[[ DATASET EXTRACT open ]]

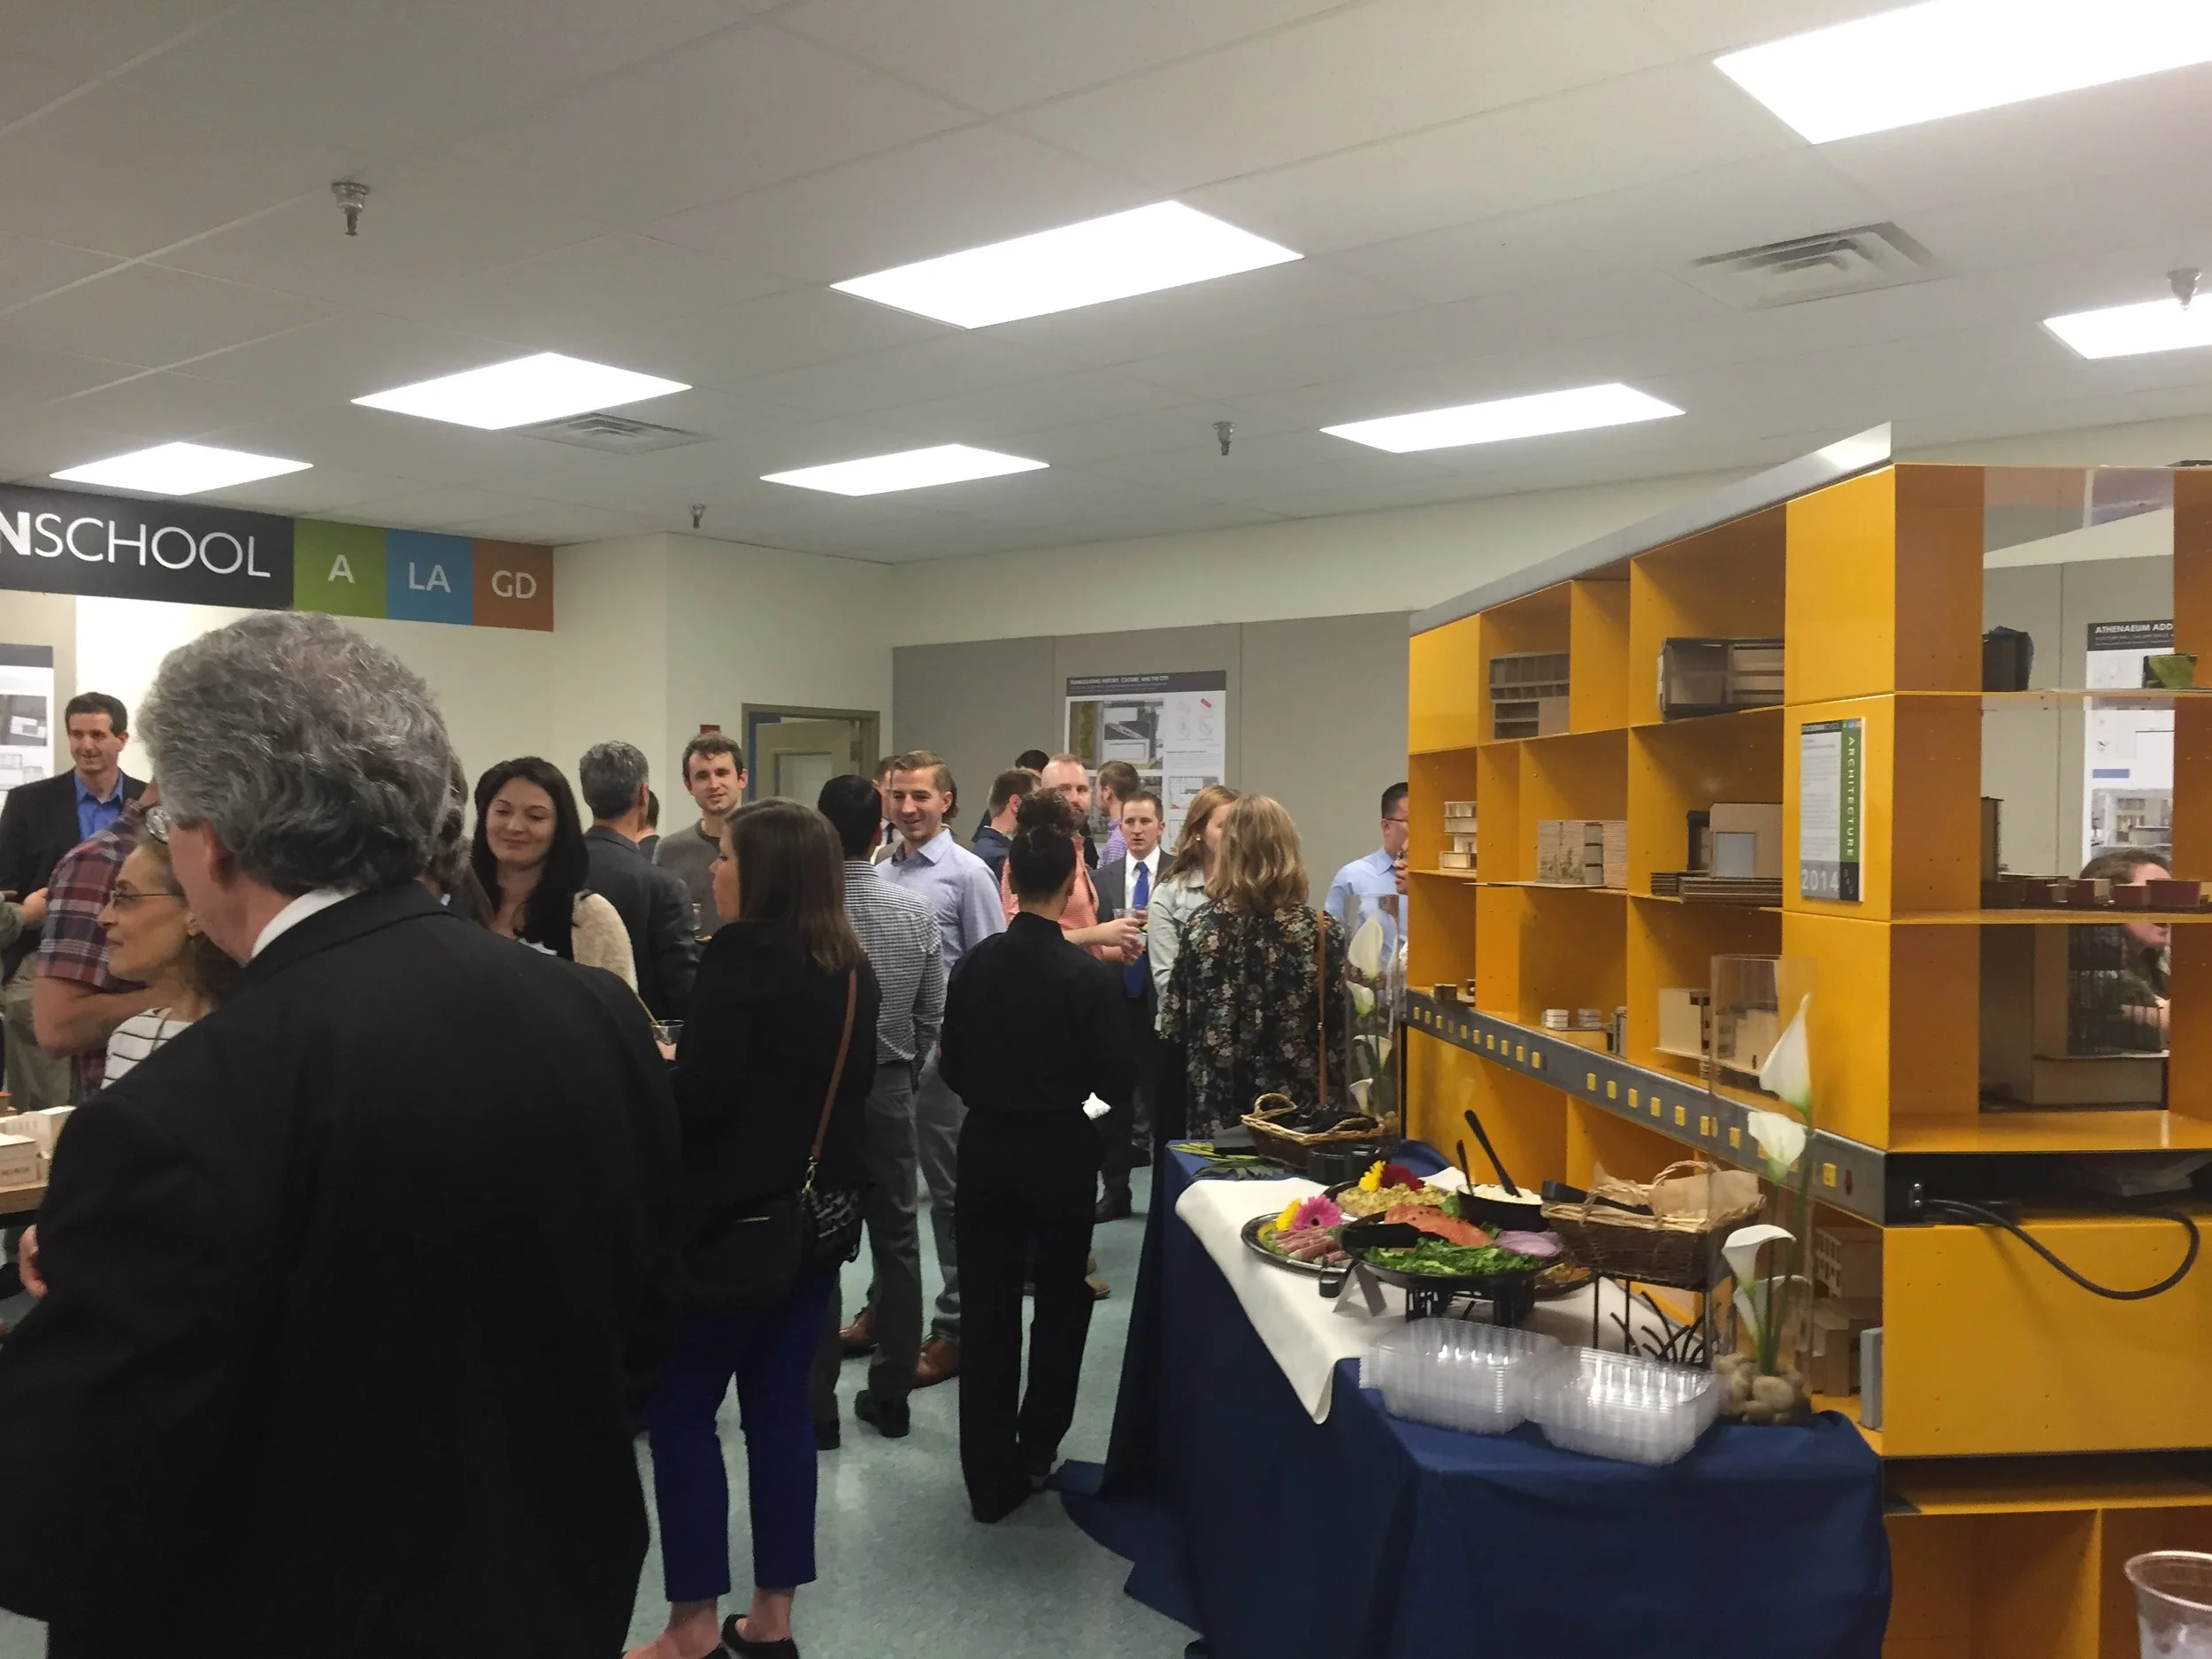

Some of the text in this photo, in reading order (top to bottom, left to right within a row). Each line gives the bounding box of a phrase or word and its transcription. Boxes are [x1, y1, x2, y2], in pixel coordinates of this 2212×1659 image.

[327, 554, 355, 584] A
[409, 561, 452, 594] LA
[491, 570, 538, 599] GD
[2095, 624, 2151, 634] ATHENAEUM
[1847, 736, 1855, 856] ARCHITECTURE
[1801, 868, 1840, 893] 2014

[[ DATASET EXTRACT closed ]]

## EXERCISE OBJECTIVE
Write the records above out again word for word, skipping each picture.

## SOLUTION FOR THIS PROBLEM
Some of the text in this photo, in reading order (top to bottom, left to right within a row). Each line gives the bounding box of a phrase or word and its transcription. Boxes are [x1, y1, x2, y2], in pixel coordinates of this 2212×1659 image.

[327, 554, 355, 584] A
[409, 561, 452, 594] LA
[491, 570, 538, 599] GD
[2095, 624, 2151, 634] ATHENAEUM
[1847, 736, 1855, 856] ARCHITECTURE
[1801, 868, 1840, 893] 2014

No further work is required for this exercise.